- Required work:
Repeat the following entries exactly, excluding pictures.

[Saved entries]
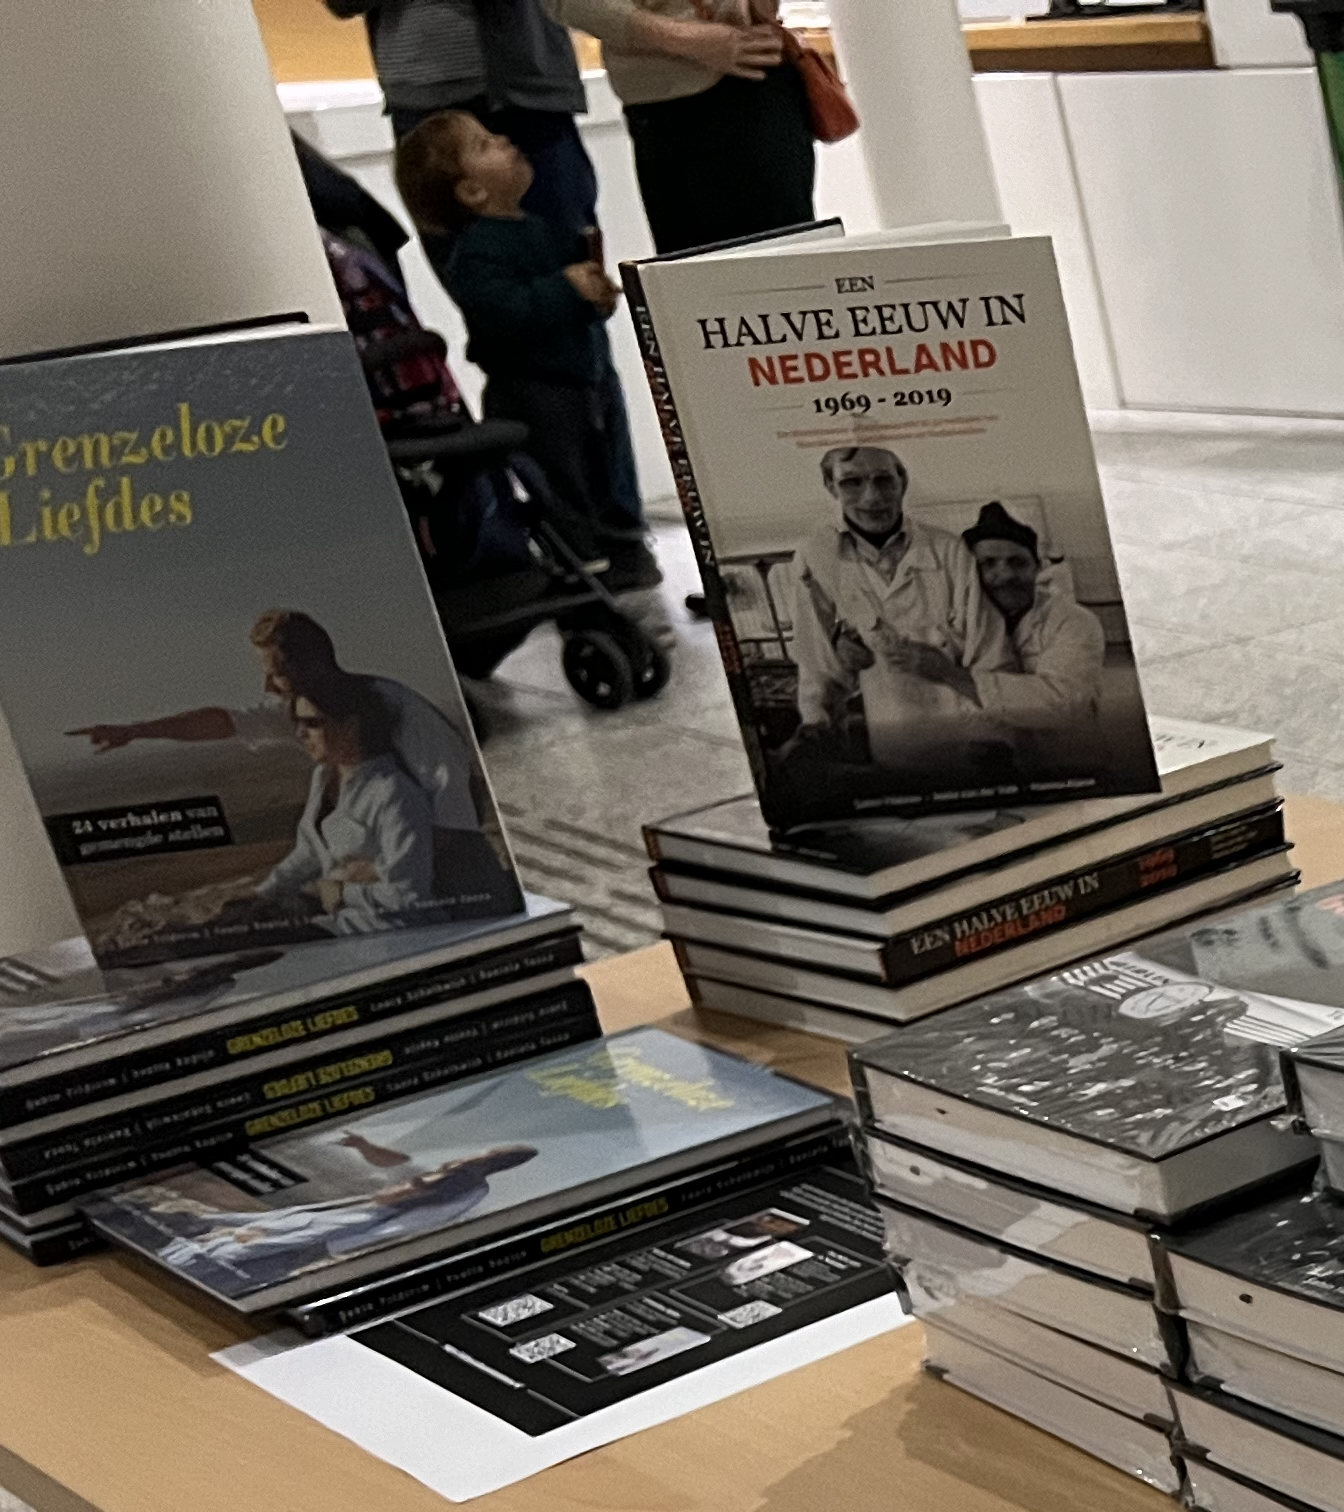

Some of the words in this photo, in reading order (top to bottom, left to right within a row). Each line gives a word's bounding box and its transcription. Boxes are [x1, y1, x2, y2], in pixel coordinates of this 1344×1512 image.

[835, 275, 875, 295] EEN
[697, 307, 840, 350] HALVE
[850, 299, 971, 340] EEUW
[980, 293, 1028, 328] IN
[748, 338, 998, 388] NEDERLAND
[812, 392, 872, 416] 1969
[894, 387, 953, 408] 2019
[951, 898, 1018, 942] HALVE

- Task output:
Some of the words in this photo, in reading order (top to bottom, left to right within a row). Each line gives a word's bounding box and its transcription. Boxes are [x1, y1, x2, y2], in pixel coordinates of this 1344×1512 image.

[835, 275, 875, 295] EEN
[697, 307, 840, 350] HALVE
[850, 299, 971, 340] EEUW
[980, 293, 1028, 328] IN
[748, 338, 998, 388] NEDERLAND
[812, 392, 872, 416] 1969
[894, 387, 953, 408] 2019
[951, 898, 1018, 942] HALVE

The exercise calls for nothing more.